16. How do I debug the tms320c3x series Frequently Asked Questions?
1) memory configuration of TMS320C32: The program memory of TMS320C32 can be configured as 16-bit or 32-bit, and the data memory can be configured as 8-bit, 16-bit, or 32-bit.
2) PLL control of TMS320VC33: the PLL control end of TMS320VC33 can only be connected to 1.8 V, not 3.3v or 5 V.
17. How to debug multiple DSPs?
For DSP with mpsd simulation port (TMS320C30/C31/c32), one of the DSP can only be debugged at a time, instead of one set of simulators. For DSP with JTAG simulation port, you can concatenate JTAG and debug multiple DSPs simultaneously using a set of simulators. Each DSPs can be debugged in different windows with different names. Note: If you add a driver between the JTAG and DSP, you must use a Fast door circuit. You cannot use a slow door circuit such as LS.
18. Why is CPLD used in the DSP system?
The speed of DSP is fast, and the decoding speed must be fast. The small-scale logic device decoding method cannot meet the requirements of the DSP system. At the same time, the DSP system also often needs the cooperation of external fast components. These components are usually specialized circuits and can be implemented by Programmable devices. The CPLD has strict timing, fast speed, and good programmability. It is very suitable for decoding and specialized circuits.

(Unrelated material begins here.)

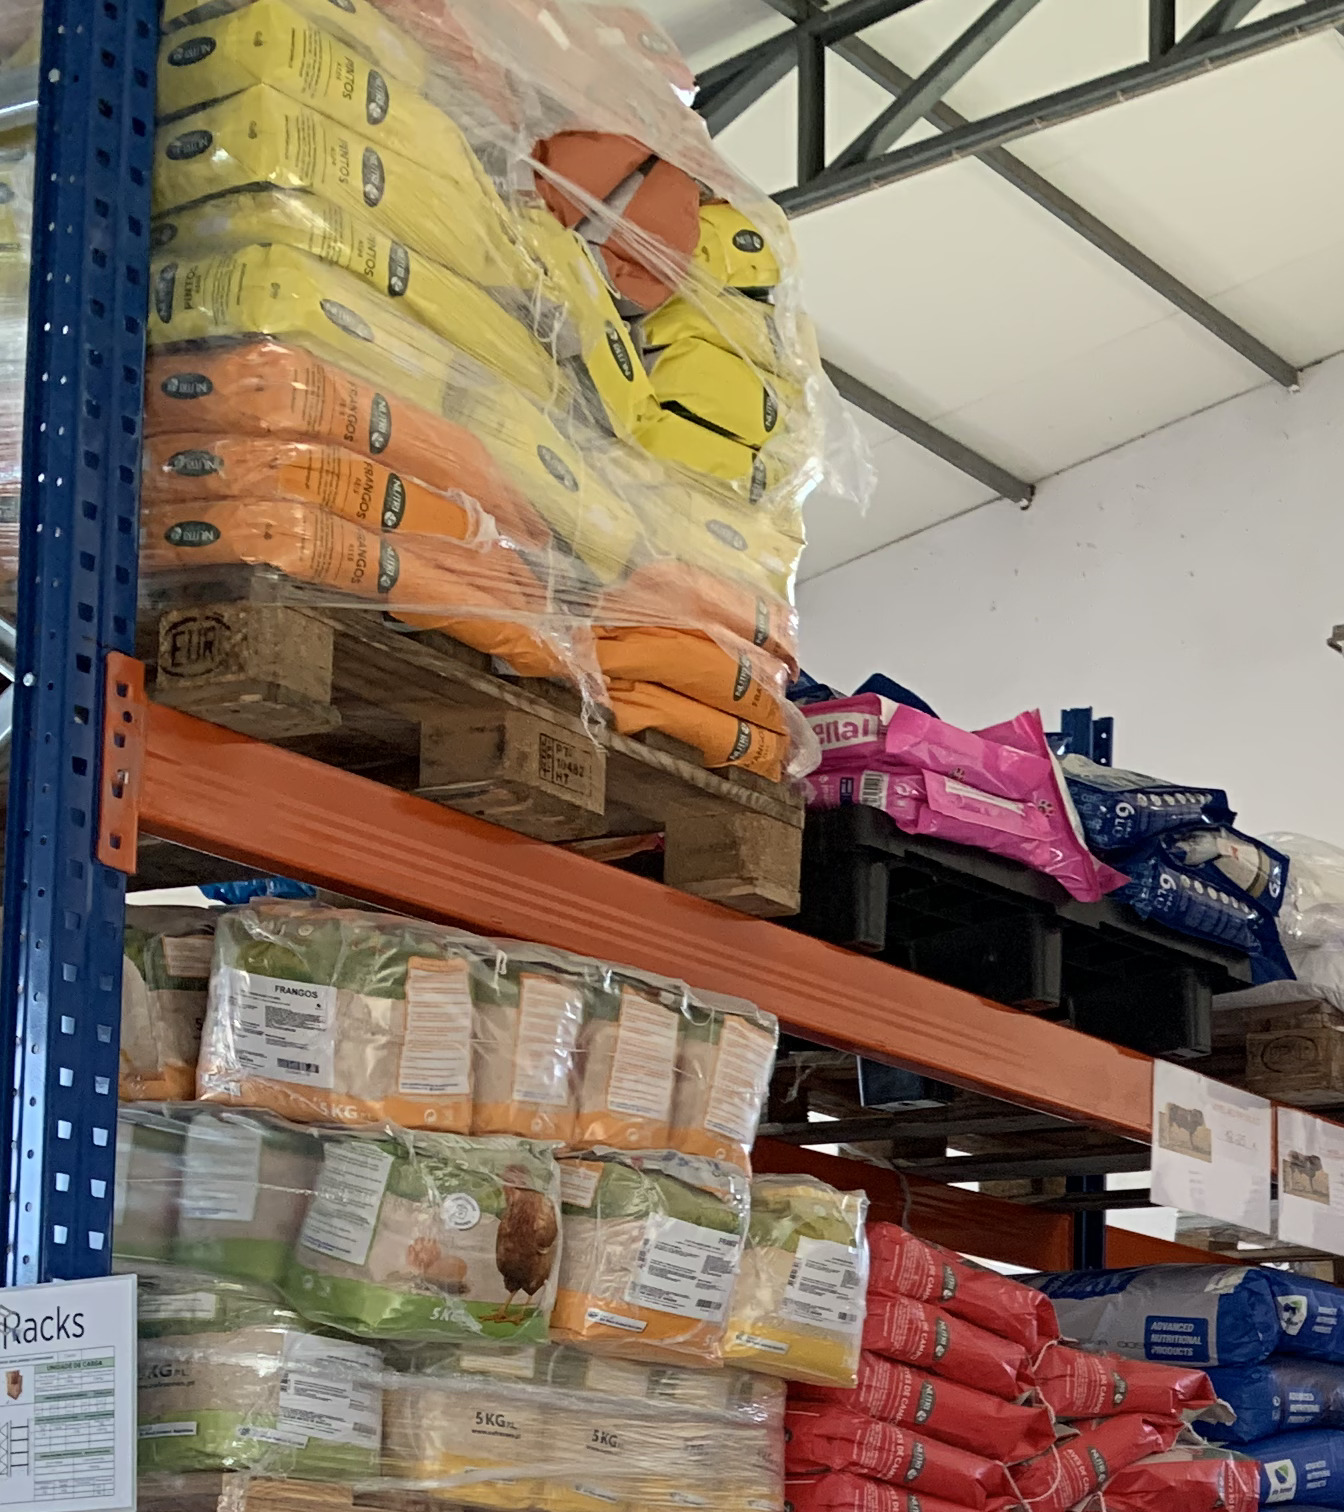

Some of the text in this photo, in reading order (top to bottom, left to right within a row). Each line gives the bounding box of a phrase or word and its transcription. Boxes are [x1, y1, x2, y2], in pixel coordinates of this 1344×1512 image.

19. What are common chips used by DSP Systems?
1) Power Supply: tps73hd3xx, tps7333, tps56100, pt64xx...
2) Flash: am29f400, am29lv400, sst39vf400...
3) SRAM: cy7c1021, cy7c1009, cy7c1049...
4) fif cy7c425, cy7c42x5...
5) dual port: cy7c136, cy7c1342, cy7c1342...
6) sbsram: cy7c1329, cy7c1339...
7) SDRAM: hy57v651620btc...
8) CPLD: cy37000 series, cy38000 series, cy39000 series...
9) PCI: pci2040, cy7c09449...
10) USB: an21xx, cy7c68xxx...
11) CODEC: tlv320aic23, tlv320aic10...
12) A/D, D/A: ads7805, tlv2543...
For more information, see www.ti.com and www.cypress.com.
20. What is boot loader?
The speed of DSP is as fast as possible, the speed of EPROM or flash is slow, and the ram in DSP is fast, and the off-chip RAM is also fast. In order for the DSP to make full use of its capabilities, the program code must be run in Ram. To facilitate code migration from Rom to ram, Ti fixed a program at the factory in DSP without flash, after power-on, code is moved from Rom or peripherals to the ram specified by the user. This program is called "Boot Loader ".